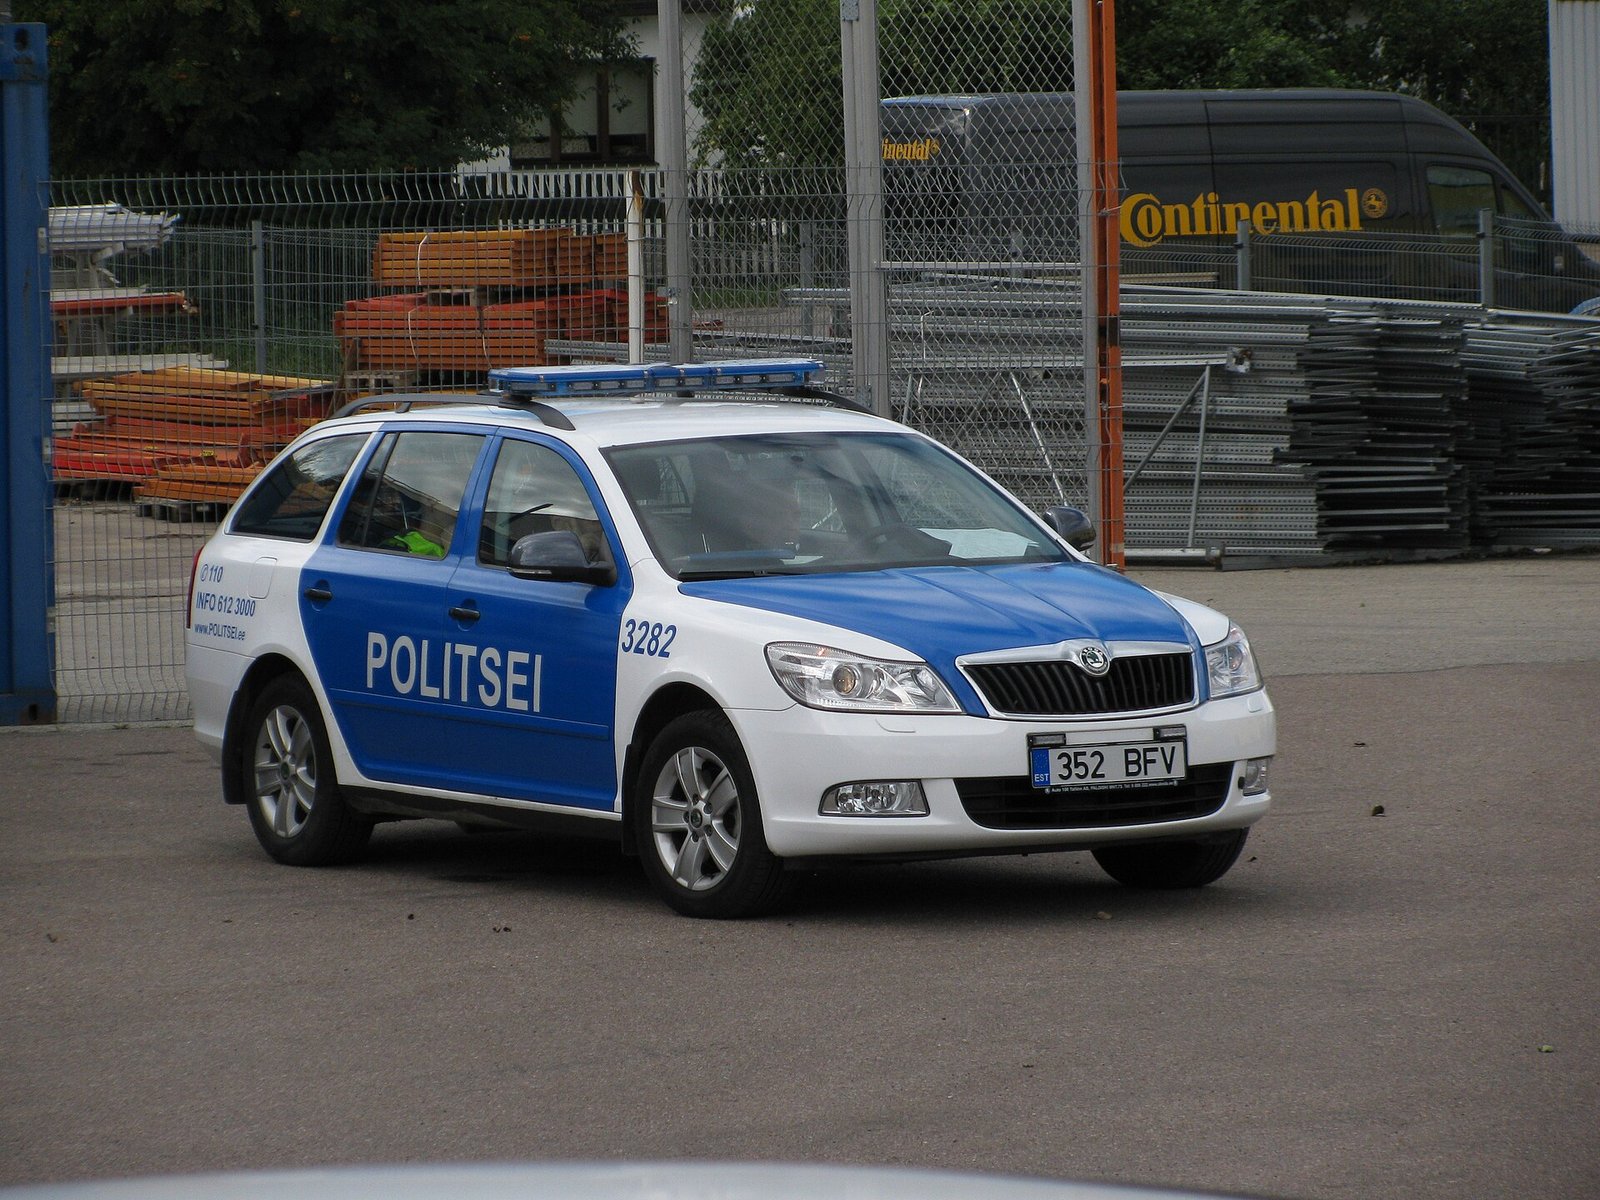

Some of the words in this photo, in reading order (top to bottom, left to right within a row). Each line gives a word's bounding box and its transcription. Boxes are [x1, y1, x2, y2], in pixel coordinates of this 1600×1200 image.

[1119, 188, 1363, 248] Continental
[209, 566, 223, 583] 110
[196, 592, 216, 611] INFO
[217, 595, 234, 614] 612
[234, 598, 256, 617] 3000
[195, 623, 245, 640] www.POLITSEI.ee
[621, 618, 677, 659] 3282
[366, 631, 542, 713] POLITSEI
[1034, 773, 1050, 783] EST
[1057, 751, 1106, 781] 352
[1124, 746, 1177, 778] BFV
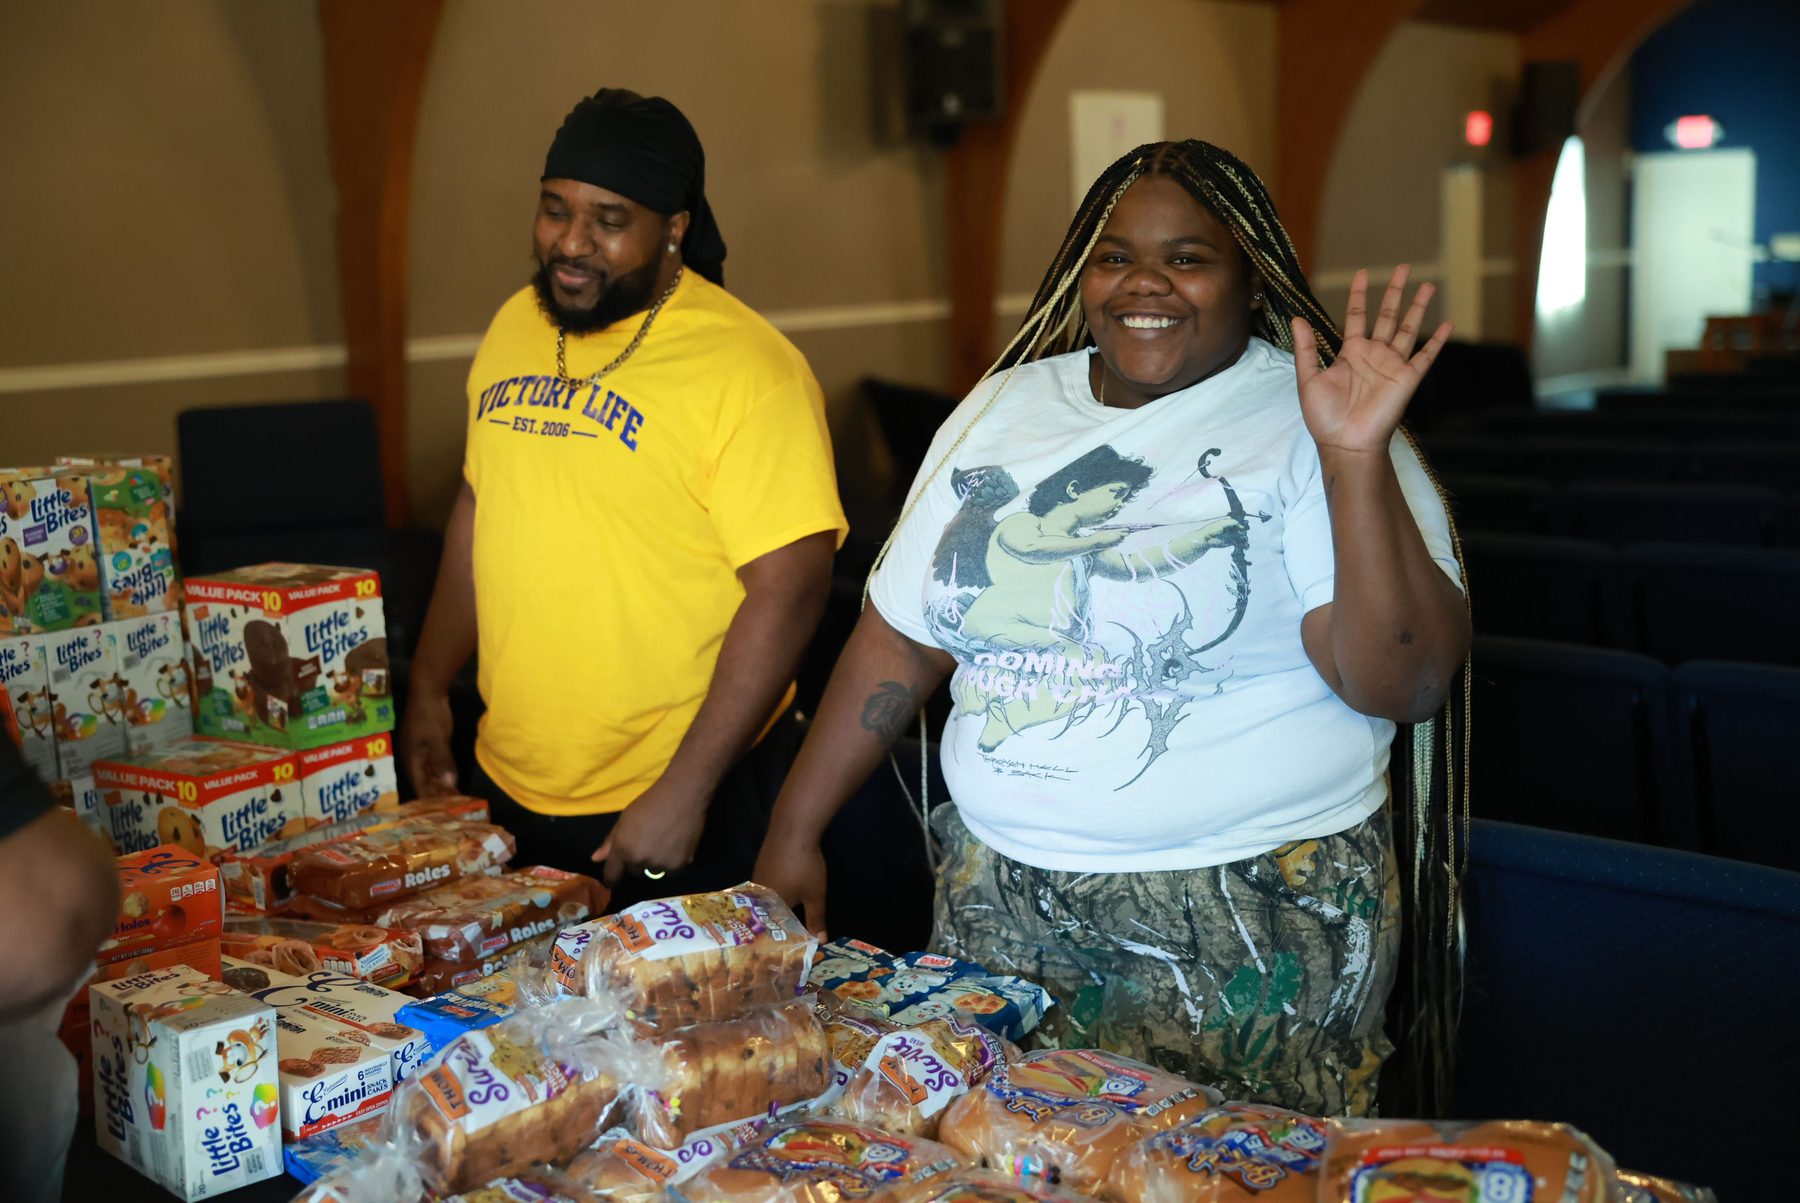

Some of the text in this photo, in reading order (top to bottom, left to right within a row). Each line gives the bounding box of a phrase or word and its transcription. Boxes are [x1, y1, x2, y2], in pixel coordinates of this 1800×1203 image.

[477, 376, 644, 452] VICTORY LIFE
[512, 417, 570, 437] EST. 2006
[31, 488, 71, 523] Little
[46, 505, 88, 534] Bites
[186, 585, 281, 612] VALUE PACK 10
[288, 578, 376, 600] VALUE PACK 10
[127, 622, 157, 651] Little
[138, 634, 169, 659] Bites
[199, 613, 229, 654] Little
[305, 611, 349, 653] Little
[322, 625, 368, 665] Bites
[57, 636, 88, 665] Little
[69, 648, 102, 673] Bites
[211, 642, 245, 673] Bites
[304, 738, 387, 764] VALUE PACK 10
[96, 769, 198, 801] VALUE PACK 10
[204, 762, 294, 791] VALUE PACK 10
[319, 770, 360, 814] Little
[335, 785, 380, 823] Bites
[109, 801, 143, 841] Little
[221, 796, 267, 843] Little
[239, 812, 287, 851] Bites
[122, 829, 159, 854] Bites
[405, 863, 451, 889] Roles
[510, 918, 556, 943] Roles
[111, 973, 156, 991] Little
[136, 972, 181, 990] Bites
[310, 1001, 355, 1016] mini
[358, 1070, 364, 1081] 6
[367, 1078, 388, 1089] SNACK
[367, 1084, 389, 1096] CAKES
[327, 1082, 367, 1111] mini
[366, 1104, 376, 1113] OPEN
[222, 1102, 254, 1154] Bites
[201, 1125, 241, 1177] Little
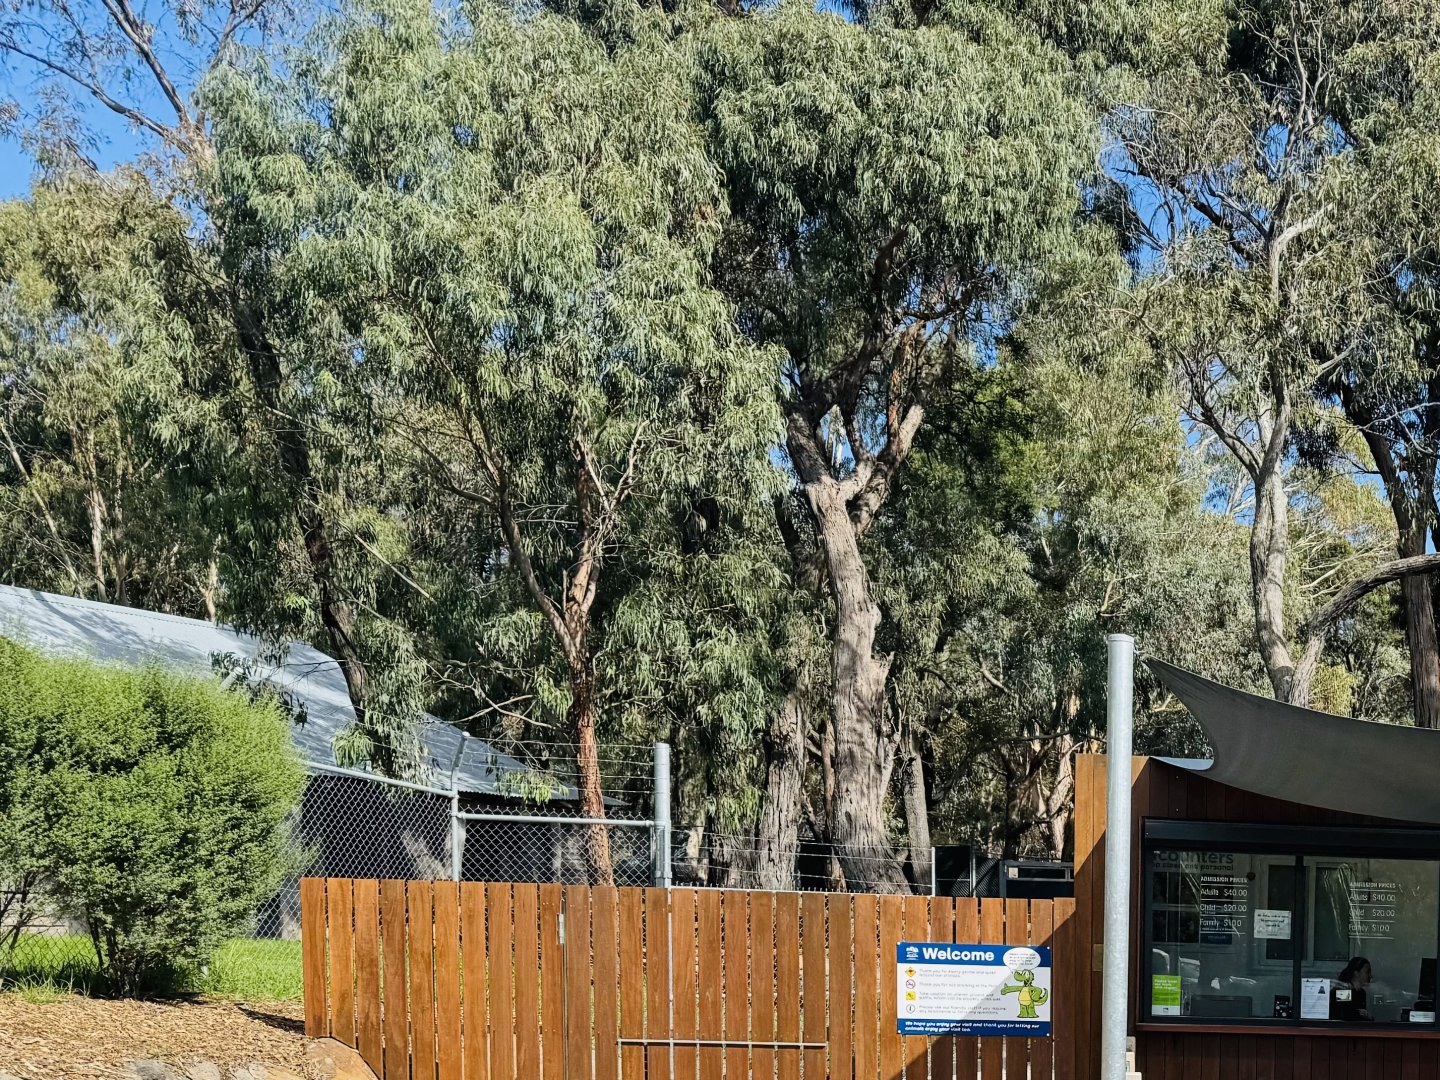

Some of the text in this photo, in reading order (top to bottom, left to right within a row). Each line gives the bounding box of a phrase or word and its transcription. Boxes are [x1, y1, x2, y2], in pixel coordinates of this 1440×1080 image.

[1223, 889, 1248, 897] $40.00
[1372, 893, 1396, 902] $40.00
[1223, 904, 1247, 912] $20.00
[1372, 909, 1395, 917] $20.00
[1200, 919, 1242, 928] Family $100
[1348, 923, 1390, 932] Family $100
[922, 947, 995, 961] Welcome
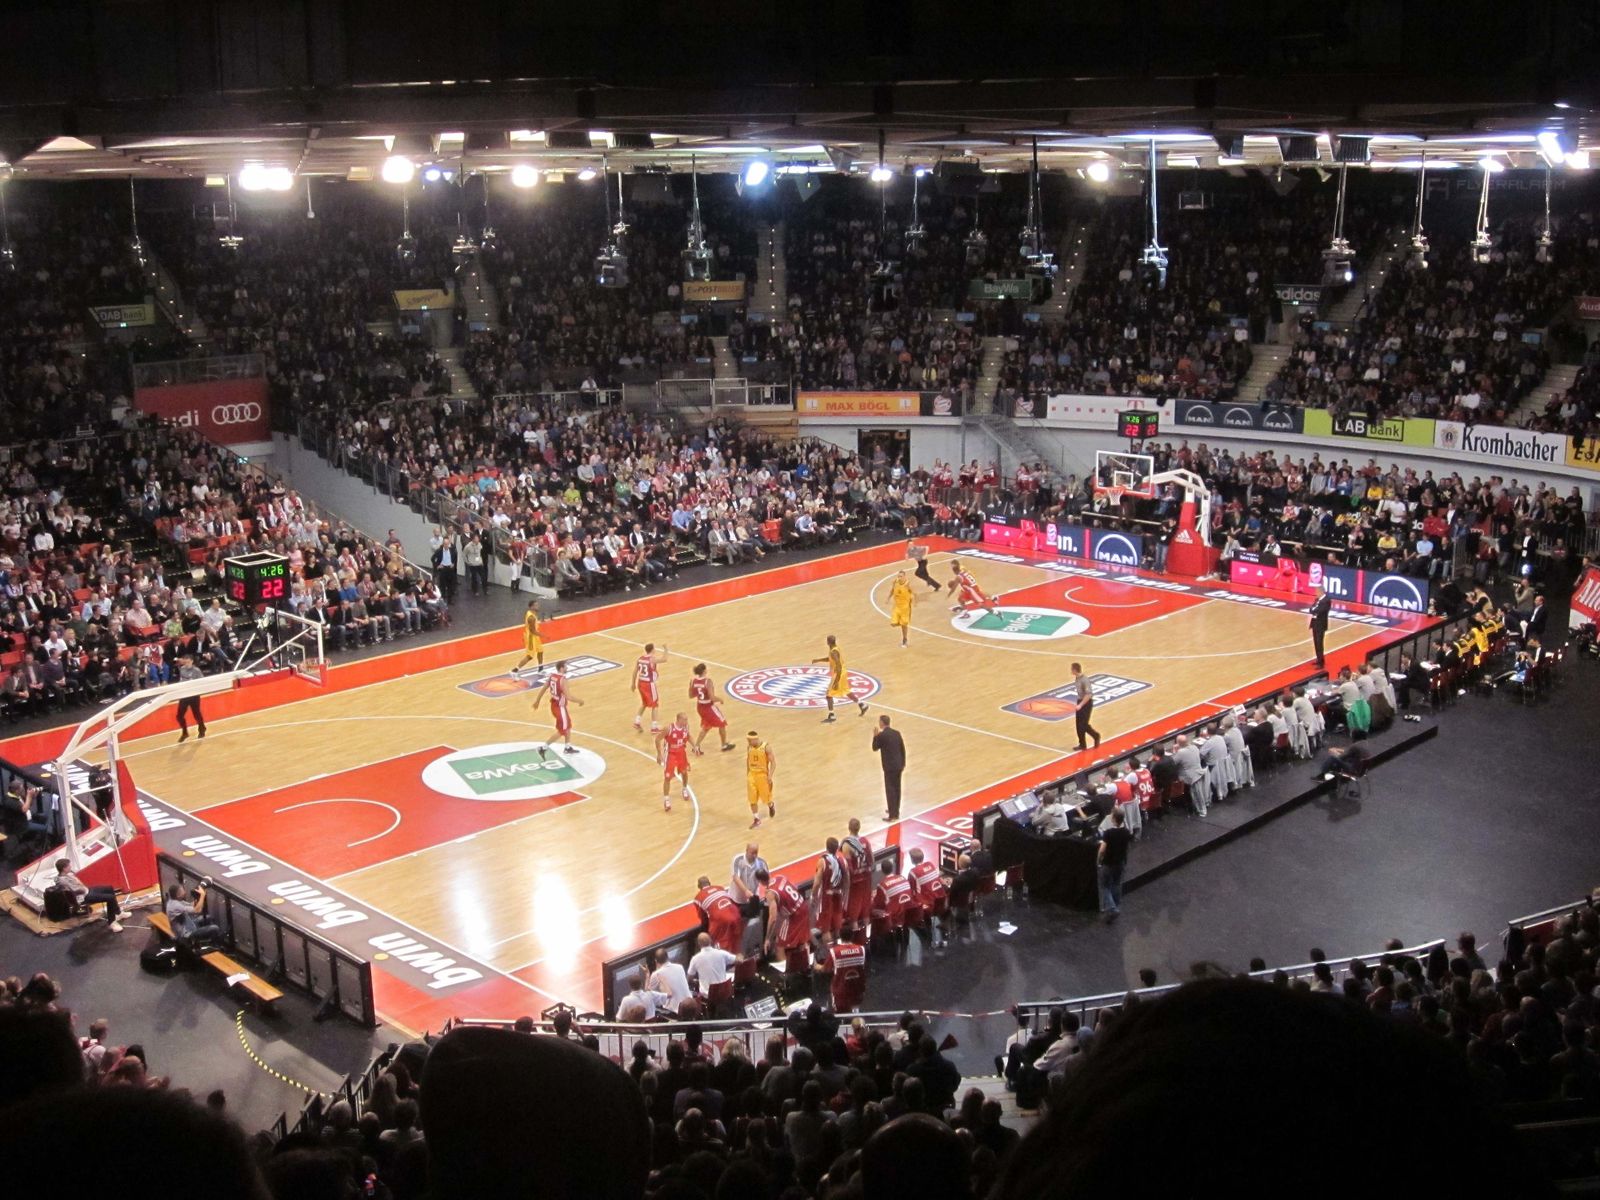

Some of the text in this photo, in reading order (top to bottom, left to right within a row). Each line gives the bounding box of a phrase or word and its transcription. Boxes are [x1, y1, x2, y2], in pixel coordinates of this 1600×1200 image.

[1457, 179, 1566, 190] FLYERALARM
[826, 401, 891, 411] MAX BÖGL
[1125, 424, 1139, 437] 22
[1266, 421, 1290, 429] MAN
[1462, 427, 1558, 462] Krombacher
[1099, 551, 1134, 565] MAN
[260, 564, 284, 577] 4:26
[232, 581, 245, 600] 22
[262, 578, 284, 599] 22
[1114, 575, 1191, 591] bwin
[1204, 590, 1287, 608] bwin
[1373, 595, 1418, 611] MAN
[735, 668, 829, 695] MÜNCHEN
[697, 687, 705, 700] 5
[464, 759, 566, 781] BayWa
[181, 834, 271, 878] bwin
[785, 885, 799, 901] 8
[267, 880, 369, 929] bwin
[368, 931, 484, 989] bwin

**PROBLEM STATEMENT:** Line by line and exactly, reproduce the span from the line with "this 1440×1080 image." through the end of the data above, both ends included, with pictures left out.

**FINISHED EXERCISE:**
Some of the text in this photo, in reading order (top to bottom, left to right within a row). Each line gives the bounding box of a phrase or word and its transcription. Boxes are [x1, y1, x2, y2], in pixel coordinates of this 1440×1080 image.

[1223, 889, 1248, 897] $40.00
[1372, 893, 1396, 902] $40.00
[1223, 904, 1247, 912] $20.00
[1372, 909, 1395, 917] $20.00
[1200, 919, 1242, 928] Family $100
[1348, 923, 1390, 932] Family $100
[922, 947, 995, 961] Welcome

Some of the text in this photo, in reading order (top to bottom, left to right within a row). Each line gives the bounding box of a phrase or word and its transcription. Boxes are [x1, y1, x2, y2], in pixel coordinates of this 1600×1200 image.

[1457, 179, 1566, 190] FLYERALARM
[826, 401, 891, 411] MAX BÖGL
[1125, 424, 1139, 437] 22
[1266, 421, 1290, 429] MAN
[1462, 427, 1558, 462] Krombacher
[1099, 551, 1134, 565] MAN
[260, 564, 284, 577] 4:26
[232, 581, 245, 600] 22
[262, 578, 284, 599] 22
[1114, 575, 1191, 591] bwin
[1204, 590, 1287, 608] bwin
[1373, 595, 1418, 611] MAN
[735, 668, 829, 695] MÜNCHEN
[697, 687, 705, 700] 5
[464, 759, 566, 781] BayWa
[181, 834, 271, 878] bwin
[785, 885, 799, 901] 8
[267, 880, 369, 929] bwin
[368, 931, 484, 989] bwin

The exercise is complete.